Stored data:
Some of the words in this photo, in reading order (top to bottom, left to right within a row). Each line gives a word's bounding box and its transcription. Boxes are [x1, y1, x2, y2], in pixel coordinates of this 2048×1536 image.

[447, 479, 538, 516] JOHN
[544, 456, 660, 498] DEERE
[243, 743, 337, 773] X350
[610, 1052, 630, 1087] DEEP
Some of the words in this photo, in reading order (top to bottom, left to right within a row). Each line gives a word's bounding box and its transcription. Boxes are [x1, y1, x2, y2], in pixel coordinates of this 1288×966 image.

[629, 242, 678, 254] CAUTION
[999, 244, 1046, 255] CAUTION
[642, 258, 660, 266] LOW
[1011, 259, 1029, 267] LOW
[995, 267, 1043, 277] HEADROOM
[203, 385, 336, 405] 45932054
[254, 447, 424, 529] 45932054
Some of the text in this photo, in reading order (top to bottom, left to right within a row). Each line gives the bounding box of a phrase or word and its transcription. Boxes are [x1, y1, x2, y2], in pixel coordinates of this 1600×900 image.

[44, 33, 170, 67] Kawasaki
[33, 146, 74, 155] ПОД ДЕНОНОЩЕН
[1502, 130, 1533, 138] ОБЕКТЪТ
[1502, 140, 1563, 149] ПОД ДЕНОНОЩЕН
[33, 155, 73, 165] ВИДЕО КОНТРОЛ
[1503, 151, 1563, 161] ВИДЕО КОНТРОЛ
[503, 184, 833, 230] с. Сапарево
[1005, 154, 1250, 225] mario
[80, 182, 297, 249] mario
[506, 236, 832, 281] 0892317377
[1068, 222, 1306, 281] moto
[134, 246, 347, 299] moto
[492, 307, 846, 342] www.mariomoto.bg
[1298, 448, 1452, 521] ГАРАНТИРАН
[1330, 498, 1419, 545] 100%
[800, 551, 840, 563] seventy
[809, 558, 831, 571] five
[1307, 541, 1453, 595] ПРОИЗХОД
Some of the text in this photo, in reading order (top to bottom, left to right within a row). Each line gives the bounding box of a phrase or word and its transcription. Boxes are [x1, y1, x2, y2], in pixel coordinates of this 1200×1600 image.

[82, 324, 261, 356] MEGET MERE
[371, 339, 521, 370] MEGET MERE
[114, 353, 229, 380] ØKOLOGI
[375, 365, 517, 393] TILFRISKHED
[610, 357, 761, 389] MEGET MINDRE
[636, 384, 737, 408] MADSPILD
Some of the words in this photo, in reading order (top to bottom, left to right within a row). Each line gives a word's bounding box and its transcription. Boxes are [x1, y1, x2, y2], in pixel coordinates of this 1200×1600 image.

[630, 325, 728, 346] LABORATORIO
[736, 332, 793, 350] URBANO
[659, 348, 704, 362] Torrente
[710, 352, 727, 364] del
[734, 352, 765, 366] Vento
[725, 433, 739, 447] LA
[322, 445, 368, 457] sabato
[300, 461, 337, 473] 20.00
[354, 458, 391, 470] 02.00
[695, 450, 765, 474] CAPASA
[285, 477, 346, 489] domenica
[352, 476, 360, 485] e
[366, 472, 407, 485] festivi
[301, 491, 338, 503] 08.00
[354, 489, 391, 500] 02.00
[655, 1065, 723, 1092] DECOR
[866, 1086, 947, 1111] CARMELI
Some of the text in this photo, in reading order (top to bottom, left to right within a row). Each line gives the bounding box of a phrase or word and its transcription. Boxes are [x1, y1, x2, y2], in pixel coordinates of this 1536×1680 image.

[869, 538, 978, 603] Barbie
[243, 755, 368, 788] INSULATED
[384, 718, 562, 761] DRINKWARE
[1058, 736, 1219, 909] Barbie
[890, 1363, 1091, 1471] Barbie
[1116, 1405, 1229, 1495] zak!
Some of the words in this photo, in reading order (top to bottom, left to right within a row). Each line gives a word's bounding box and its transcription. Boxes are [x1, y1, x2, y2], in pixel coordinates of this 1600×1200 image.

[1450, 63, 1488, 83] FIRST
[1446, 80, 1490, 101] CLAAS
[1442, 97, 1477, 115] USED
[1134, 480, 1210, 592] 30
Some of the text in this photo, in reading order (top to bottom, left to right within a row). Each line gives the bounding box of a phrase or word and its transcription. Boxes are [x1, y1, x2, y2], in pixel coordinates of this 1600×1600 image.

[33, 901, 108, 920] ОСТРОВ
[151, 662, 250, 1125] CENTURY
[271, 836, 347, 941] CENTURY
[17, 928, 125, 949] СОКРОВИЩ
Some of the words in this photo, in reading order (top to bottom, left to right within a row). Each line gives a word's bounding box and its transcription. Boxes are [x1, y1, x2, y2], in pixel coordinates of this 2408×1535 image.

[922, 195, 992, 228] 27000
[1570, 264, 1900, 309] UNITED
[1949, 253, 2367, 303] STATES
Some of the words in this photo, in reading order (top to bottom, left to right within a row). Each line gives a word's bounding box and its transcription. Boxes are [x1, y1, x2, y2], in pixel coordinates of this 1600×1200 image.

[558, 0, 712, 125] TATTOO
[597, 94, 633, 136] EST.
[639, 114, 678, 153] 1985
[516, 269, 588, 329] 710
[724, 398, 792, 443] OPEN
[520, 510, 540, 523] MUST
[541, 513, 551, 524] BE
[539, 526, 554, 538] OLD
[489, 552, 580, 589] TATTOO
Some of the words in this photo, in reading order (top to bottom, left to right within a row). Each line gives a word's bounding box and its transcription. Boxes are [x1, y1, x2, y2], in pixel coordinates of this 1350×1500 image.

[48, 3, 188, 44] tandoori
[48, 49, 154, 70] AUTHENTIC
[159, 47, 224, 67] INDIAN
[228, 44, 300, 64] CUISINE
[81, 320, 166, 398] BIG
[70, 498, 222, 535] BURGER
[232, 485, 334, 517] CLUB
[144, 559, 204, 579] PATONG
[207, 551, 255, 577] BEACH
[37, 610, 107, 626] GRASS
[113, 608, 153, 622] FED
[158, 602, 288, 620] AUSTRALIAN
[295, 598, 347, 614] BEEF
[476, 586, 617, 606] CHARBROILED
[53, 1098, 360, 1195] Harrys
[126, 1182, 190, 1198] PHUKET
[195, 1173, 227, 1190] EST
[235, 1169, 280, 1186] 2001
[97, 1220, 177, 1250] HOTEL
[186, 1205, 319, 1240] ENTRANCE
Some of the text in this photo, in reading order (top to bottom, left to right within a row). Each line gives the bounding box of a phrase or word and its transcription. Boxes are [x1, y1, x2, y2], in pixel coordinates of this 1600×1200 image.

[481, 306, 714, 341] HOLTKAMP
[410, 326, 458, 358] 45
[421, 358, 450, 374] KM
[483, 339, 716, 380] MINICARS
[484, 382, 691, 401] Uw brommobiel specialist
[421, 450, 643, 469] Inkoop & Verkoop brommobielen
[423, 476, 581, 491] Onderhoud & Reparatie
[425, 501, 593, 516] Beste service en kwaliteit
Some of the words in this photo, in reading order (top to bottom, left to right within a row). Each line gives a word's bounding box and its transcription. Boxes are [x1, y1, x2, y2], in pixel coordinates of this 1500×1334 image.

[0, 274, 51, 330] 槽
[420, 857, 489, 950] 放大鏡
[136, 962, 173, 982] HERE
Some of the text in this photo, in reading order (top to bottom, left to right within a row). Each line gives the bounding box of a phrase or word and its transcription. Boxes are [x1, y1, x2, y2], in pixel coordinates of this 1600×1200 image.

DIRECTIONS FOR THIS TASK :: Repeat the data in full, exactly as supplied.

ANSWER TO THE PROBLEM ::
Some of the words in this photo, in reading order (top to bottom, left to right within a row). Each line gives a word's bounding box and its transcription. Boxes are [x1, y1, x2, y2], in pixel coordinates of this 2048×1536 image.

[447, 479, 538, 516] JOHN
[544, 456, 660, 498] DEERE
[243, 743, 337, 773] X350
[610, 1052, 630, 1087] DEEP
Some of the words in this photo, in reading order (top to bottom, left to right within a row). Each line gives a word's bounding box and its transcription. Boxes are [x1, y1, x2, y2], in pixel coordinates of this 1288×966 image.

[629, 242, 678, 254] CAUTION
[999, 244, 1046, 255] CAUTION
[642, 258, 660, 266] LOW
[1011, 259, 1029, 267] LOW
[995, 267, 1043, 277] HEADROOM
[203, 385, 336, 405] 45932054
[254, 447, 424, 529] 45932054
Some of the text in this photo, in reading order (top to bottom, left to right within a row). Each line gives the bounding box of a phrase or word and its transcription. Boxes are [x1, y1, x2, y2], in pixel coordinates of this 1600×900 image.

[44, 33, 170, 67] Kawasaki
[33, 146, 74, 155] ПОД ДЕНОНОЩЕН
[1502, 130, 1533, 138] ОБЕКТЪТ
[1502, 140, 1563, 149] ПОД ДЕНОНОЩЕН
[33, 155, 73, 165] ВИДЕО КОНТРОЛ
[1503, 151, 1563, 161] ВИДЕО КОНТРОЛ
[503, 184, 833, 230] с. Сапарево
[1005, 154, 1250, 225] mario
[80, 182, 297, 249] mario
[506, 236, 832, 281] 0892317377
[1068, 222, 1306, 281] moto
[134, 246, 347, 299] moto
[492, 307, 846, 342] www.mariomoto.bg
[1298, 448, 1452, 521] ГАРАНТИРАН
[1330, 498, 1419, 545] 100%
[800, 551, 840, 563] seventy
[809, 558, 831, 571] five
[1307, 541, 1453, 595] ПРОИЗХОД
Some of the text in this photo, in reading order (top to bottom, left to right within a row). Each line gives the bounding box of a phrase or word and its transcription. Boxes are [x1, y1, x2, y2], in pixel coordinates of this 1200×1600 image.

[82, 324, 261, 356] MEGET MERE
[371, 339, 521, 370] MEGET MERE
[114, 353, 229, 380] ØKOLOGI
[375, 365, 517, 393] TILFRISKHED
[610, 357, 761, 389] MEGET MINDRE
[636, 384, 737, 408] MADSPILD
Some of the words in this photo, in reading order (top to bottom, left to right within a row). Each line gives a word's bounding box and its transcription. Boxes are [x1, y1, x2, y2], in pixel coordinates of this 1200×1600 image.

[630, 325, 728, 346] LABORATORIO
[736, 332, 793, 350] URBANO
[659, 348, 704, 362] Torrente
[710, 352, 727, 364] del
[734, 352, 765, 366] Vento
[725, 433, 739, 447] LA
[322, 445, 368, 457] sabato
[300, 461, 337, 473] 20.00
[354, 458, 391, 470] 02.00
[695, 450, 765, 474] CAPASA
[285, 477, 346, 489] domenica
[352, 476, 360, 485] e
[366, 472, 407, 485] festivi
[301, 491, 338, 503] 08.00
[354, 489, 391, 500] 02.00
[655, 1065, 723, 1092] DECOR
[866, 1086, 947, 1111] CARMELI
Some of the text in this photo, in reading order (top to bottom, left to right within a row). Each line gives the bounding box of a phrase or word and its transcription. Boxes are [x1, y1, x2, y2], in pixel coordinates of this 1536×1680 image.

[869, 538, 978, 603] Barbie
[243, 755, 368, 788] INSULATED
[384, 718, 562, 761] DRINKWARE
[1058, 736, 1219, 909] Barbie
[890, 1363, 1091, 1471] Barbie
[1116, 1405, 1229, 1495] zak!
Some of the words in this photo, in reading order (top to bottom, left to right within a row). Each line gives a word's bounding box and its transcription. Boxes are [x1, y1, x2, y2], in pixel coordinates of this 1600×1200 image.

[1450, 63, 1488, 83] FIRST
[1446, 80, 1490, 101] CLAAS
[1442, 97, 1477, 115] USED
[1134, 480, 1210, 592] 30
Some of the text in this photo, in reading order (top to bottom, left to right within a row). Each line gives the bounding box of a phrase or word and its transcription. Boxes are [x1, y1, x2, y2], in pixel coordinates of this 1600×1600 image.

[33, 901, 108, 920] ОСТРОВ
[151, 662, 250, 1125] CENTURY
[271, 836, 347, 941] CENTURY
[17, 928, 125, 949] СОКРОВИЩ
Some of the words in this photo, in reading order (top to bottom, left to right within a row). Each line gives a word's bounding box and its transcription. Boxes are [x1, y1, x2, y2], in pixel coordinates of this 2408×1535 image.

[922, 195, 992, 228] 27000
[1570, 264, 1900, 309] UNITED
[1949, 253, 2367, 303] STATES
Some of the words in this photo, in reading order (top to bottom, left to right within a row). Each line gives a word's bounding box and its transcription. Boxes are [x1, y1, x2, y2], in pixel coordinates of this 1600×1200 image.

[558, 0, 712, 125] TATTOO
[597, 94, 633, 136] EST.
[639, 114, 678, 153] 1985
[516, 269, 588, 329] 710
[724, 398, 792, 443] OPEN
[520, 510, 540, 523] MUST
[541, 513, 551, 524] BE
[539, 526, 554, 538] OLD
[489, 552, 580, 589] TATTOO
Some of the words in this photo, in reading order (top to bottom, left to right within a row). Each line gives a word's bounding box and its transcription. Boxes are [x1, y1, x2, y2], in pixel coordinates of this 1350×1500 image.

[48, 3, 188, 44] tandoori
[48, 49, 154, 70] AUTHENTIC
[159, 47, 224, 67] INDIAN
[228, 44, 300, 64] CUISINE
[81, 320, 166, 398] BIG
[70, 498, 222, 535] BURGER
[232, 485, 334, 517] CLUB
[144, 559, 204, 579] PATONG
[207, 551, 255, 577] BEACH
[37, 610, 107, 626] GRASS
[113, 608, 153, 622] FED
[158, 602, 288, 620] AUSTRALIAN
[295, 598, 347, 614] BEEF
[476, 586, 617, 606] CHARBROILED
[53, 1098, 360, 1195] Harrys
[126, 1182, 190, 1198] PHUKET
[195, 1173, 227, 1190] EST
[235, 1169, 280, 1186] 2001
[97, 1220, 177, 1250] HOTEL
[186, 1205, 319, 1240] ENTRANCE
Some of the text in this photo, in reading order (top to bottom, left to right within a row). Each line gives the bounding box of a phrase or word and its transcription. Boxes are [x1, y1, x2, y2], in pixel coordinates of this 1600×1200 image.

[481, 306, 714, 341] HOLTKAMP
[410, 326, 458, 358] 45
[421, 358, 450, 374] KM
[483, 339, 716, 380] MINICARS
[484, 382, 691, 401] Uw brommobiel specialist
[421, 450, 643, 469] Inkoop & Verkoop brommobielen
[423, 476, 581, 491] Onderhoud & Reparatie
[425, 501, 593, 516] Beste service en kwaliteit
Some of the words in this photo, in reading order (top to bottom, left to right within a row). Each line gives a word's bounding box and its transcription. Boxes are [x1, y1, x2, y2], in pixel coordinates of this 1500×1334 image.

[0, 274, 51, 330] 槽
[420, 857, 489, 950] 放大鏡
[136, 962, 173, 982] HERE
Some of the text in this photo, in reading order (top to bottom, left to right within a row). Each line gives the bounding box of a phrase or word and its transcription. Boxes are [x1, y1, x2, y2], in pixel coordinates of this 1600×1200 image.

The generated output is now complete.